You will find lots of help on Elevator Speech Do’s and Don’ts.  However it is really a somewhat archaic expression.  I would think the percentage of elevator speeches that are used in elevators is miniscule.  Many more networking opportunities now take place online.

Perhaps the place where most online meetings are taking place is now Twitter.  So you no longer have 15 seconds to make your pitch. It is 140 characters and spaces, that is all you have got.  It may seem short but it is long by the standards of Guy Kawasaki with his Mantra

Creating a powerful twitter intro is a major challenge but it will produce something that is more relevant to today’s world than the elevator speech.  Why not try it?  You may find you learn something by the exercise.

Rick Spence’s other message was that International Networking Day is Feb. 3. 

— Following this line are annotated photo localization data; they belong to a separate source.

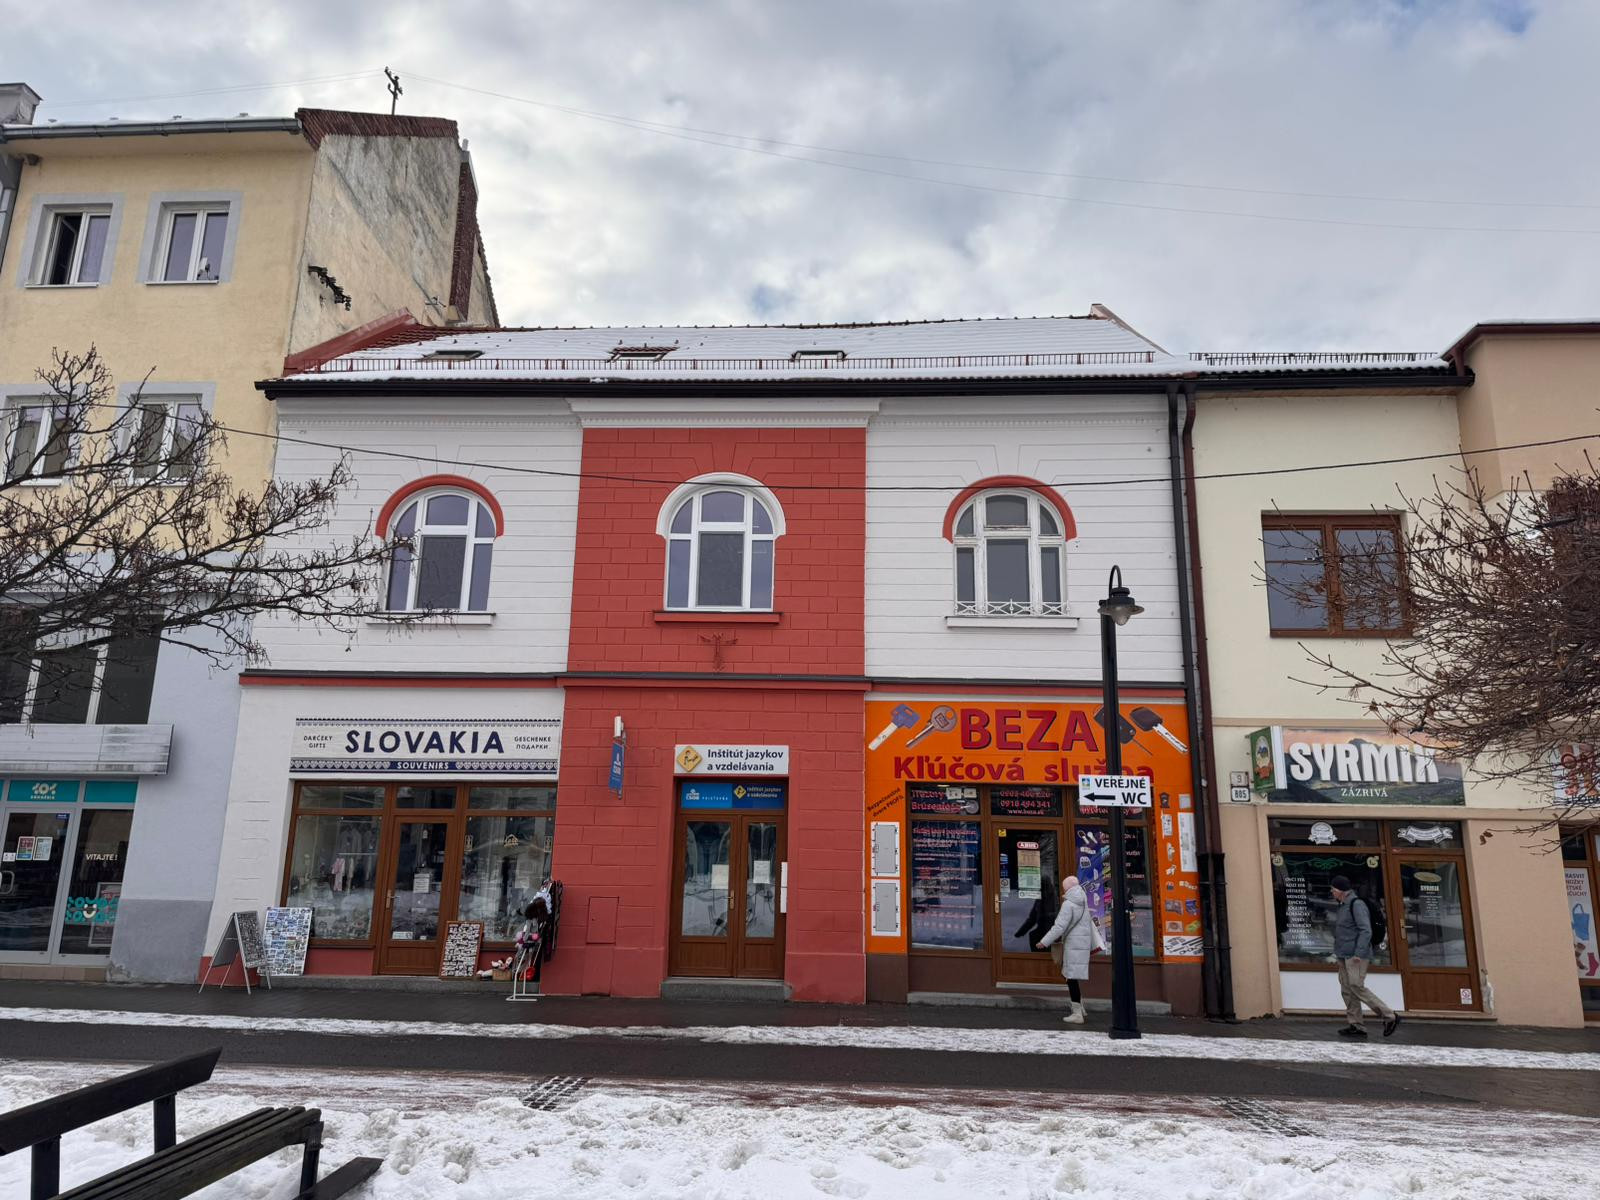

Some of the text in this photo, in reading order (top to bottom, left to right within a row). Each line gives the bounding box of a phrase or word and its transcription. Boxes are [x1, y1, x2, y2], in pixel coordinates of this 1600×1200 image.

[960, 708, 1099, 752] BEZA
[303, 734, 333, 742] DARČEKY
[345, 730, 504, 754] SLOVAKIA
[707, 749, 784, 760] Inštitút jazykov
[396, 761, 449, 770] SOUVENIRS
[707, 761, 774, 771] a vzdelávania
[1289, 742, 1439, 783] SYRMIX
[894, 755, 1154, 783] Kľúčová služa
[1094, 777, 1146, 789] VEREJNÉ
[1234, 789, 1247, 799] 885
[1341, 787, 1389, 798] ZÁZRIVÁ
[1121, 792, 1147, 805] WC
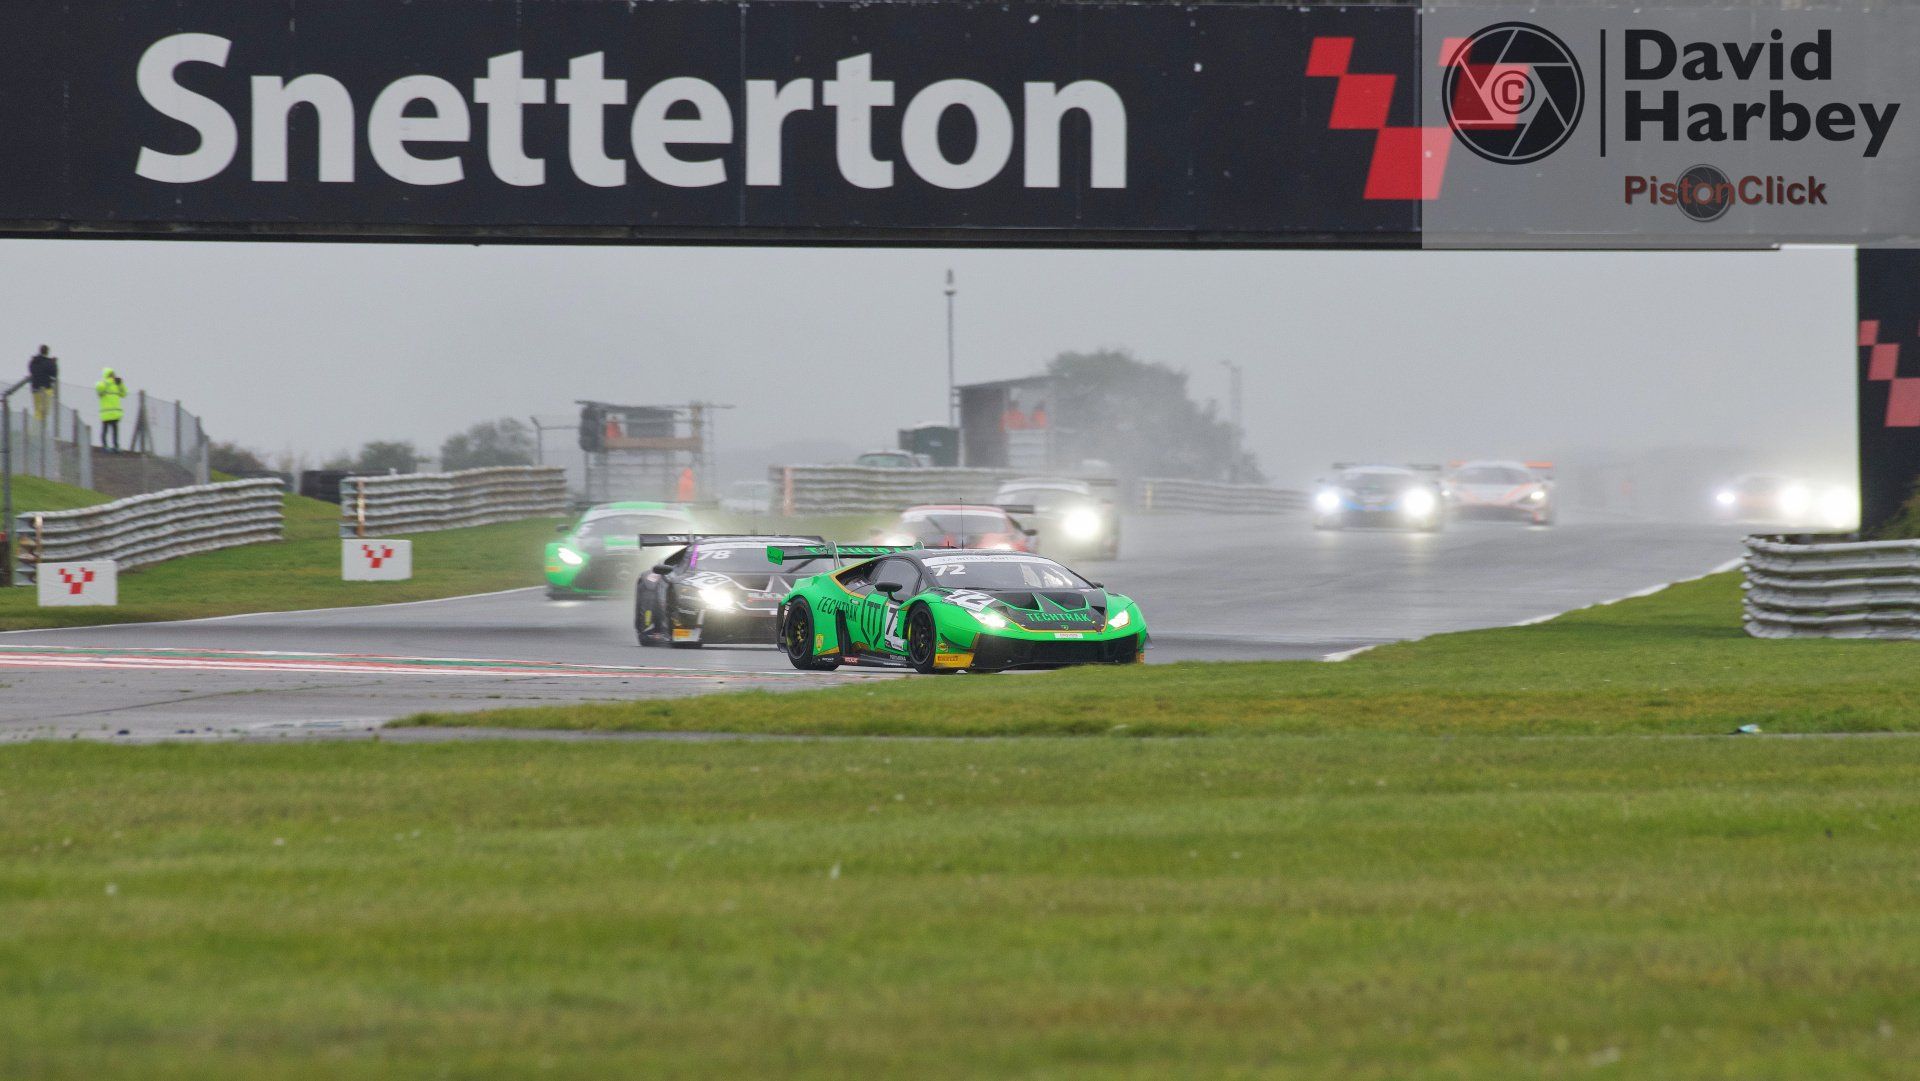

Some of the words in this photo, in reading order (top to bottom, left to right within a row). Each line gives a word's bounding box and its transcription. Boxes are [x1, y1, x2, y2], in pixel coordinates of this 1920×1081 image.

[136, 32, 1128, 190] Snetterton
[697, 550, 733, 560] 78
[931, 564, 967, 577] 72
[1025, 613, 1092, 623] TECHTRAK
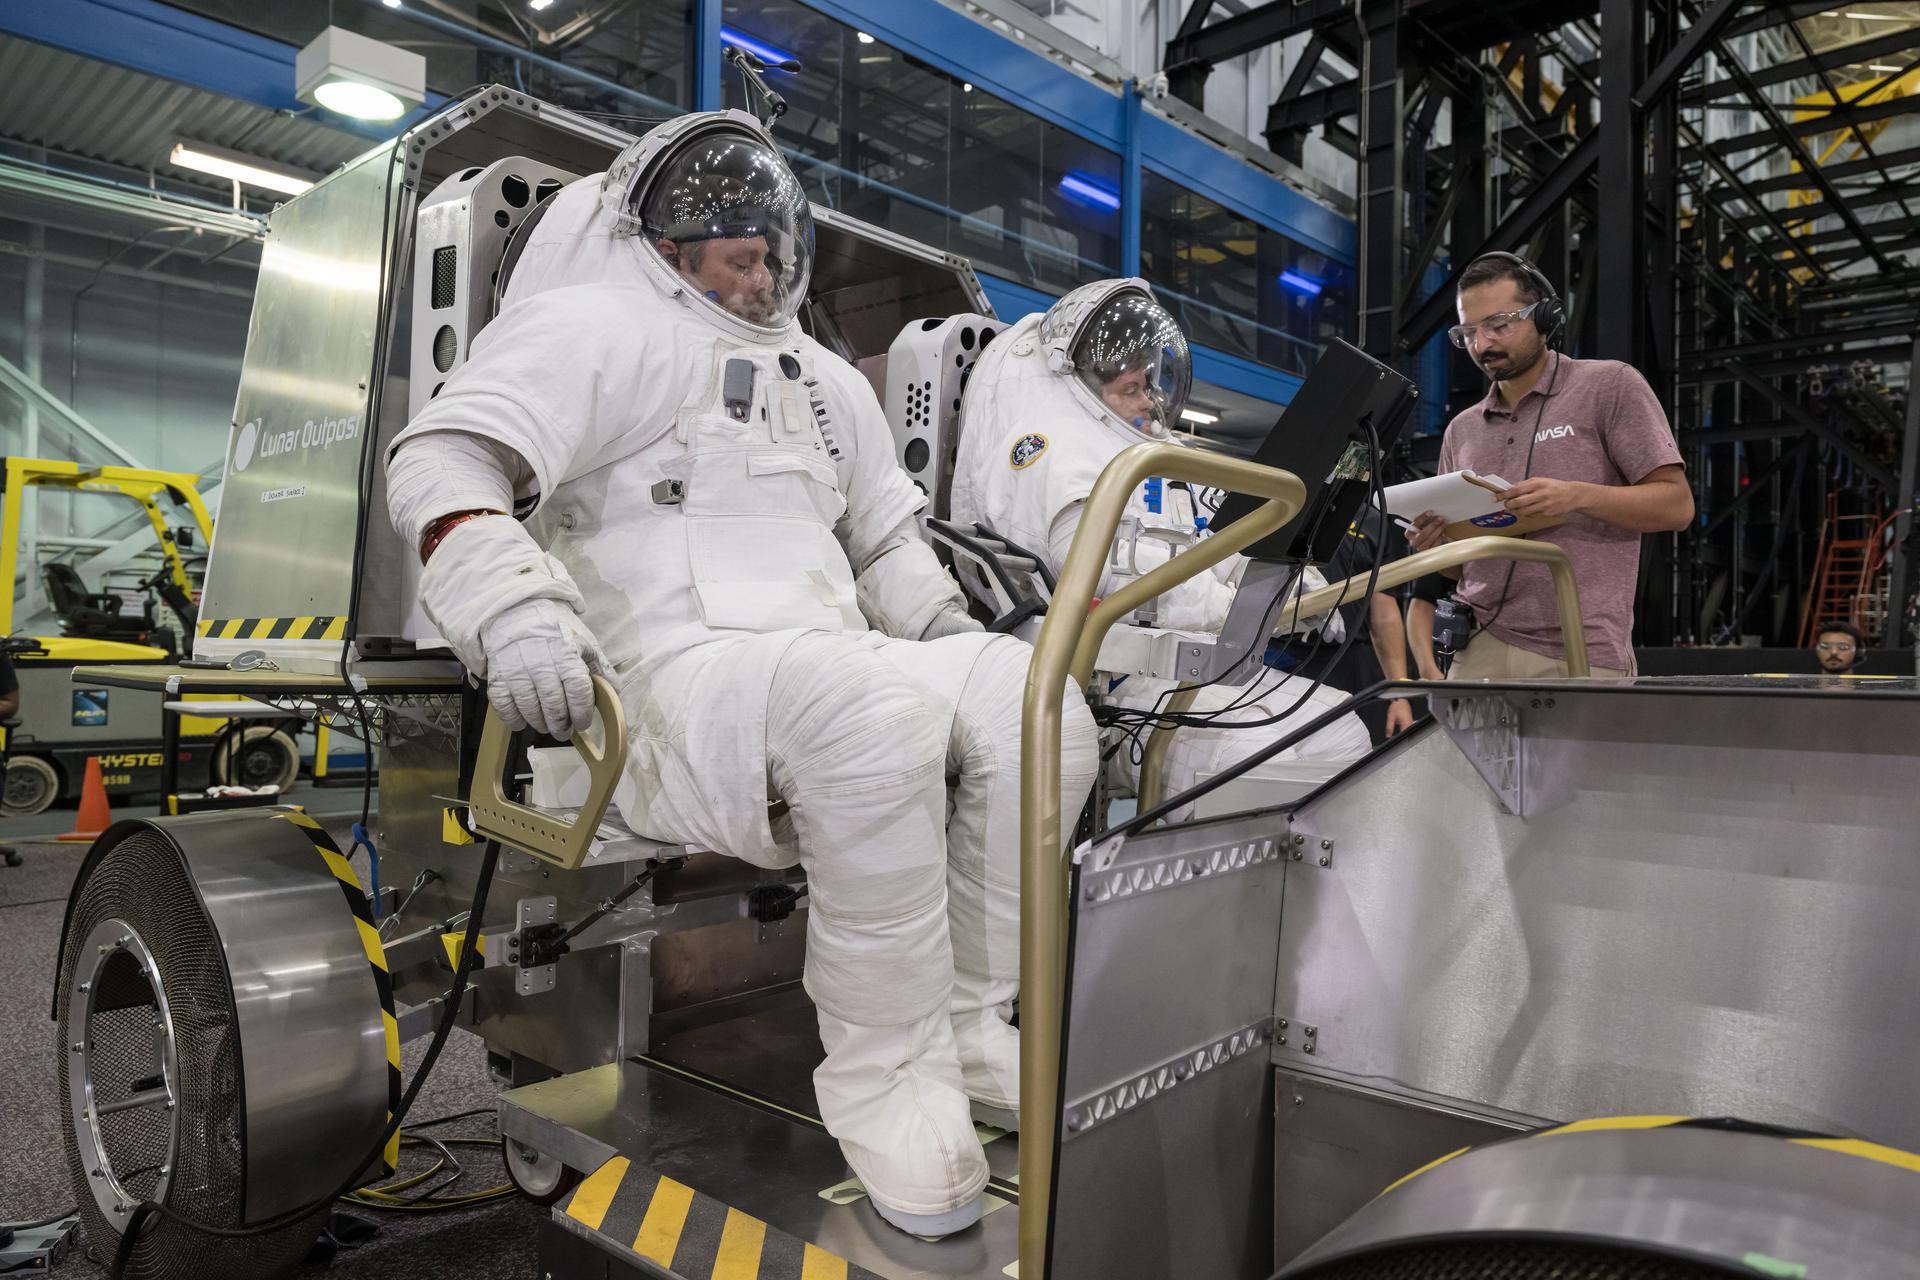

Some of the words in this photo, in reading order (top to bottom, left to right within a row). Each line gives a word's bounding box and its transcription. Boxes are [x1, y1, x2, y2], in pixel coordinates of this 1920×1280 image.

International Networking Day was founded by Business Network International, the company that runs networking groups across North America with the motto “Givers Gain.” In his book Endless Referrals, Bob Burg (who will be headlining the International Networking Day event in Pittsburgh), admits putting other people’s needs first can be frustrating early on.

But the best way to network is to help others first. If someone you meet asks for a referral, give it serious thought. Most business people want to be known as professionals who help others, so live your reputation.  Maybe you can provide a referral, or you know other people who can help this person– say, an understanding accountant or an affordable Web designer.